This is unexpected, I'll need to reproduce it and work out what's going on.

> 
> 
> So I suppose there may be two issues (though neither is the immediate expire
> for which this BZ was opened):
> 
> 1) the kernel doesn't detect that the mount is still in-use in a mount
> namespace other than the one in which automount runs

Correct, but more, the kernel doesn't know how to check them at all so it
can't check the last used time stamp either.

> 
> 2) after getting SIGUSR1, automount enters a loop where it repeatedly tries
> to expire & unmount a busy filesystem (should it try to unmount just once?)

Yes, but it is expected that if the mount remains unused for a further timeout
it will try and umount it again ... unfortunately ...

Ian

Comment 10 Ian Kent 2023-06-26 06:12:59 UTC

(In reply to Ian Kent from comment #9)
> 
> > 
> > 2) after getting SIGUSR1, automount enters a loop where it repeatedly tries
> > to expire & unmount a busy filesystem (should it try to unmount just once?)
> 
> Yes, but it is expected that if the mount remains unused for a further
> timeout
> it will try and umount it again ... unfortunately ...

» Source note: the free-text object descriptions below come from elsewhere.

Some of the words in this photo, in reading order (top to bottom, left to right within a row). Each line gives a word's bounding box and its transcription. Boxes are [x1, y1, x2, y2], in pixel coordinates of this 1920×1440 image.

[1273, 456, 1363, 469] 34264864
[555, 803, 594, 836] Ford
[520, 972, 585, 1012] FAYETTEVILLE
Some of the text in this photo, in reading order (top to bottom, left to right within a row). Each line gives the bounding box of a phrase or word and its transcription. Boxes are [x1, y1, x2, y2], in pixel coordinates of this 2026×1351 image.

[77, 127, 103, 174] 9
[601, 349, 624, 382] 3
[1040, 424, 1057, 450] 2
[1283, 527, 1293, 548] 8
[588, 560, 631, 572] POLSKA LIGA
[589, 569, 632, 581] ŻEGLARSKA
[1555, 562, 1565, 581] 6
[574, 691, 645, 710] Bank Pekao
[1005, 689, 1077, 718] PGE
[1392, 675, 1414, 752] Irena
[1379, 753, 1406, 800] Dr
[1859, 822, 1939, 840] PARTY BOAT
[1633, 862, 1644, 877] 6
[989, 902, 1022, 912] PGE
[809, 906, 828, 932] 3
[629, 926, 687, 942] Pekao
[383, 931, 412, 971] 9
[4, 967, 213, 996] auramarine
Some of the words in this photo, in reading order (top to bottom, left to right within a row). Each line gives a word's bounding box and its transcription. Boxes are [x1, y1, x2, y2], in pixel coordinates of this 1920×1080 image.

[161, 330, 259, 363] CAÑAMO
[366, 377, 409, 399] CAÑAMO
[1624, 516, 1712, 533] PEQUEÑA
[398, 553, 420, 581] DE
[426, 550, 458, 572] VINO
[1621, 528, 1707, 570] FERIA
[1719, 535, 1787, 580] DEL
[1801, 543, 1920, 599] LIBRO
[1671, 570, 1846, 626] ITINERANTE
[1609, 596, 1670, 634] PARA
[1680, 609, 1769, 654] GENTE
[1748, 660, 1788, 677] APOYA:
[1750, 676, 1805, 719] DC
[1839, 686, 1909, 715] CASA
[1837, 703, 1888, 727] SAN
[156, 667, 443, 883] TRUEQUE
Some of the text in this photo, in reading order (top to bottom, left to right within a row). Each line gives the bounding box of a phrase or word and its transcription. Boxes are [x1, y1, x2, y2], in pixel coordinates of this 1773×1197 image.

Ok, I'm very much tempted to say lets just fix the kernel expire namespace
check problem.

It has needed to be fixed for ages and I have put quite a bit of effort in
to it over time which has got us something that's close and we have a
customer that needs it to so it's worth spending a bit more time on it 
and trying to get it merged upstream.

Thing is once the expire check is fixed automount behaves as it should
because the mount doesn't get selected for expire. That looping is due
to an optimisation that was done a while back and it was done with the
assumption that the kernel expire check functions properly so strictly
speaking its not a bug.

This behaviour might also occur during a forced shutdown (sig USR2)
but in this case mounts should always be umounted, either as normal
or lazy umounted so that would actually be a different problem.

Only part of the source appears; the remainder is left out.